As Mexico began bicentennial celebrations of its independence from Spain, the Mexican bishops’ conference issued a wide-ranging pastoral letter calling for a national reconciliation of centuries-old divisions over ethnicity, historical interpretations and the often strained relationship between church and state.
“One of the great pending tasks...is the reconciliation among all those that formed this great nation,” the bishops said in their letter of Aug. 30. Reconciliation with the past means “accepting our indigenous and European roots, especially Spanish [roots],” the bishops said. It also means “eliminating secular fundamentalism and religious intolerance of any kind.” The bishops urged action to fight the country’s rampant poverty and called for structural changes so that the country’s officially secular education system “becomes a true school of respect and appreciation of the cultural and religious differences.”
“The bishops of Mexico think that it would be a sin of omission to stay on the margins and keep silent about...history,” said Archbishop Alberto Suárez Inda of Morelia, president of the bishops’ commission on the bicentennial. “As citizens and as Christians we consider it a duty to join in the commemoration of these significant historic acts.”
The bishops published the letter as a booklet of 140 key points. The first points are dedicated to setting the record straight on the church’s complex role in the nation-shaping revolution against Spanish rule, which was fomented on Sept. 15, 1810, by a parish priest, the Rev. Miguel Hidalgo Costilla, and opposed at the time by the Catholic hierarchy. The letter acknowledged the hierarchy’s opposition but said that Father Hidalgo and another independence hero, the Rev. José María Morelos, were not excommunicated for their acts of rebellion, despite what is taught in Mexican public schools.
The letter also expressed a desire for today’s church to be an active player in national affairs.
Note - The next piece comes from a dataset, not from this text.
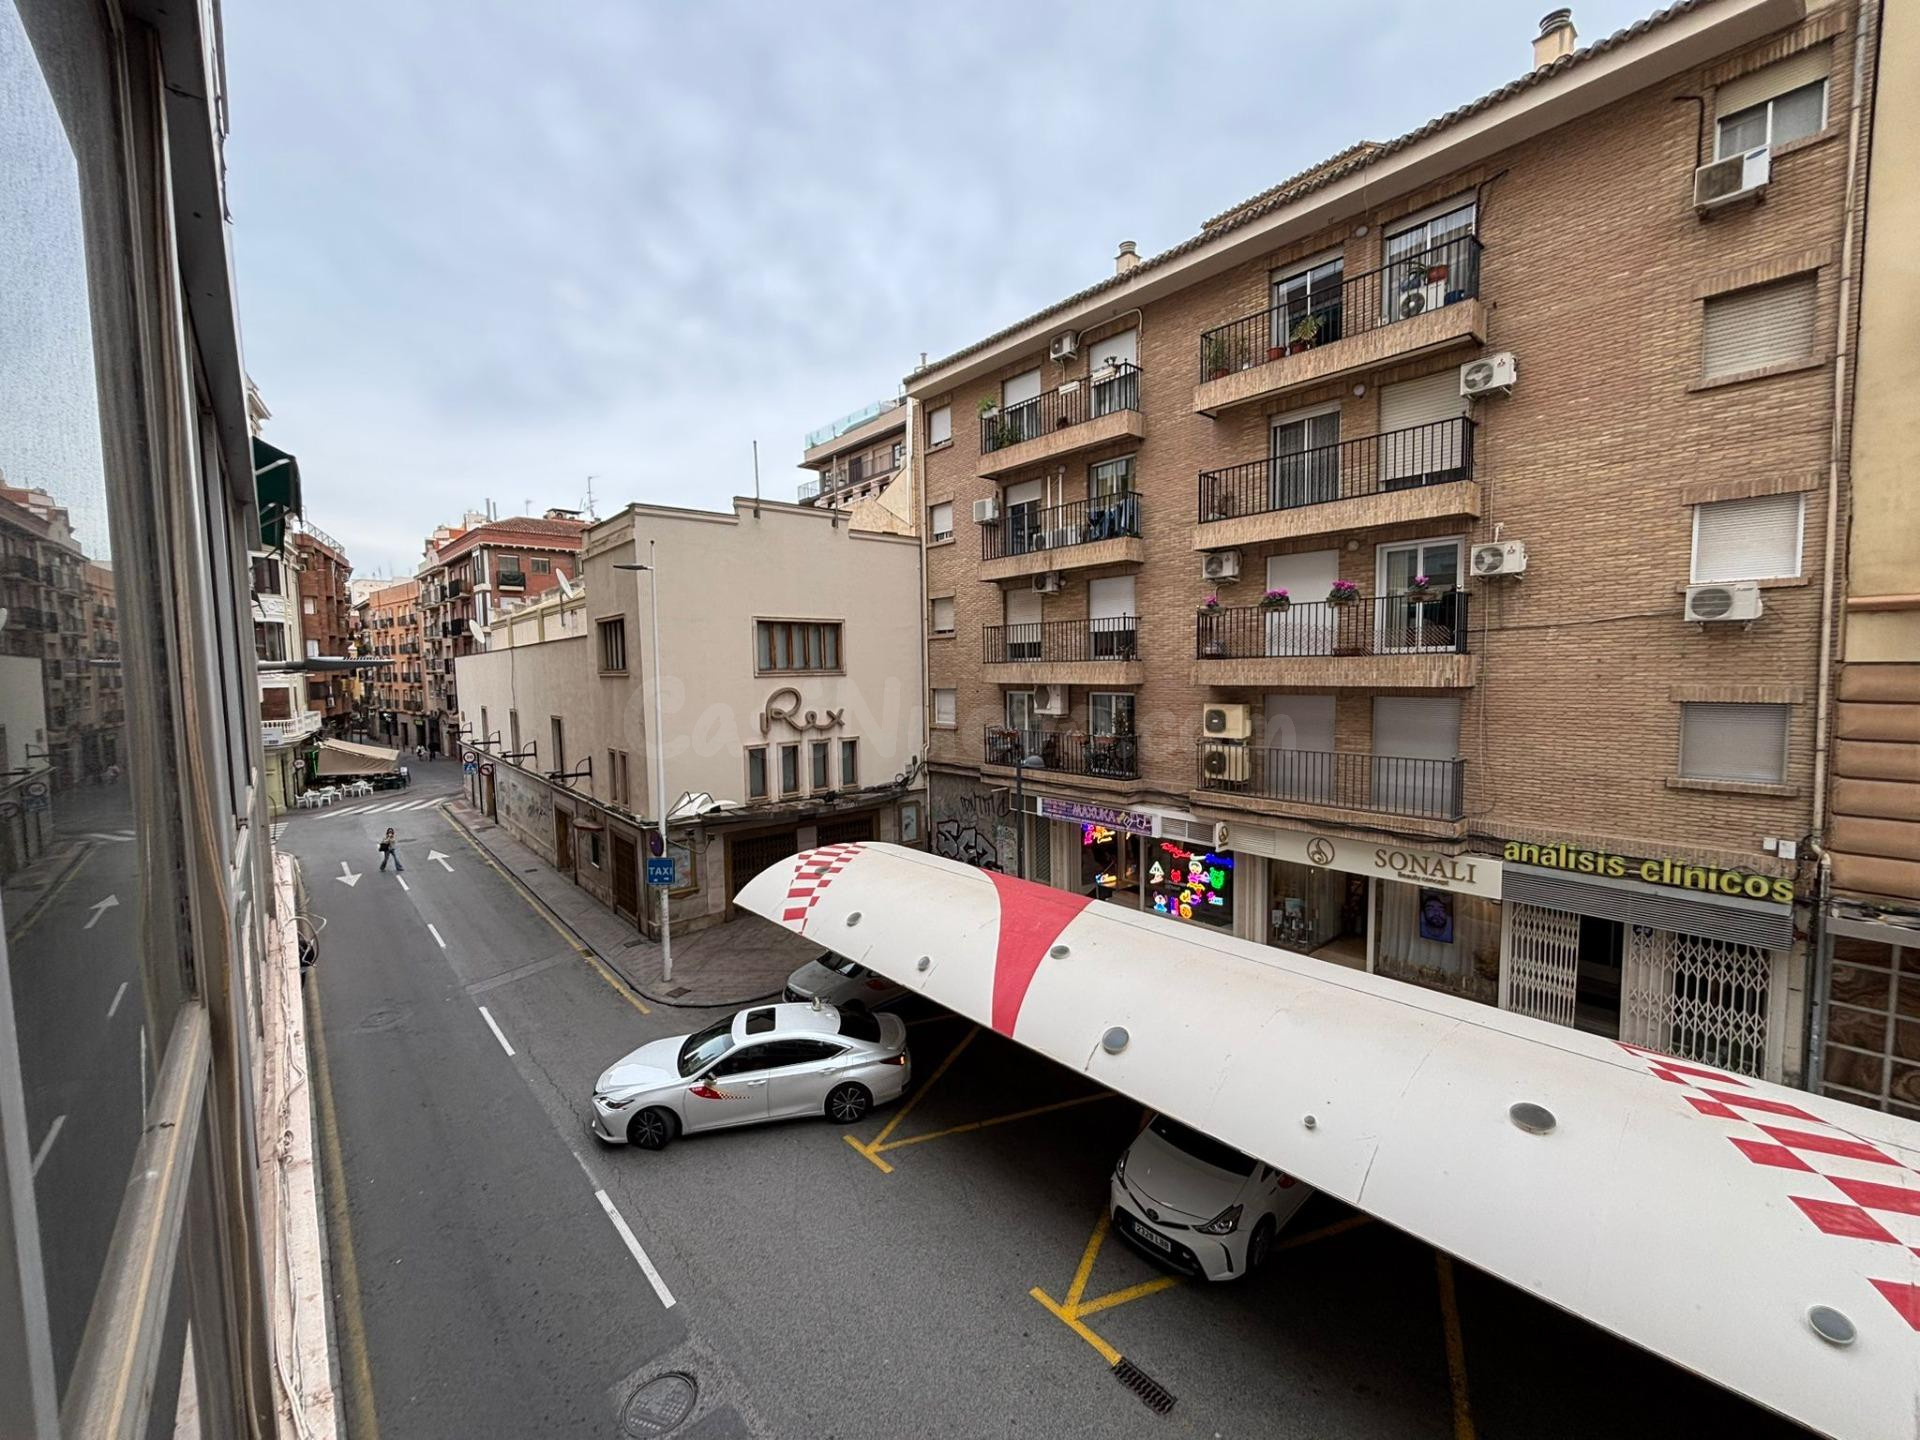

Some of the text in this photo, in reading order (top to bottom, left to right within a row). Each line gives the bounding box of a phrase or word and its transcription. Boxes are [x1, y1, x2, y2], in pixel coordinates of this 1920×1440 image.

The bishops called on the political class to develop an “intellectual maturity” by putting aside personal and partisan interests for the national good. “We Catholics have the commitment to collaborate in the construction of this grand Mexican nation,” the bishops said. “We don’t want to be excluded nor much less exclude ourselves; we know we are identified with this people and this culture [as is] so clearly expressed in the mestizo face of Our Lady of Guadalupe,” they said.
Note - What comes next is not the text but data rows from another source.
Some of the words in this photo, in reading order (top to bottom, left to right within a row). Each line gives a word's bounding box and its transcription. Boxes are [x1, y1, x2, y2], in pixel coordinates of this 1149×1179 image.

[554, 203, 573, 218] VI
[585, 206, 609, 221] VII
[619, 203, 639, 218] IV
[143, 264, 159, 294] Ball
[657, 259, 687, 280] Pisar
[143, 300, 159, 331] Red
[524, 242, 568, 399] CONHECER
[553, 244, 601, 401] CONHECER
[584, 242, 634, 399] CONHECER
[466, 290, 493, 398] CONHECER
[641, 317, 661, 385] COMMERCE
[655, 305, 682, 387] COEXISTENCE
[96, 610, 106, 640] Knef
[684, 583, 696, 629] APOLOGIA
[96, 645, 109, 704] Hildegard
Mexico’s bishops marked independence on Sept. 1 at the Basilica of Our Lady of Guadalupe. Special Masses were planned in each diocese on Sept. 15, the day Mexicans traditionally gather after dark to watch re-enactments of Father Hidalgo’s grito, or shout, for independence made from his parish in the state of Guanajuato.
Even as celebrations of Mexico’s past continued, its troubled present was not far from the minds of Mexican Catholics. In the northeastern Mex-ican state of Tamaulipas prayers were offered for 72 undocumented migrants whose bodies were discovered on Aug. 24 after what was possibly the largest mass slaying since Mexico began cracking down on drug cartels and organized crime.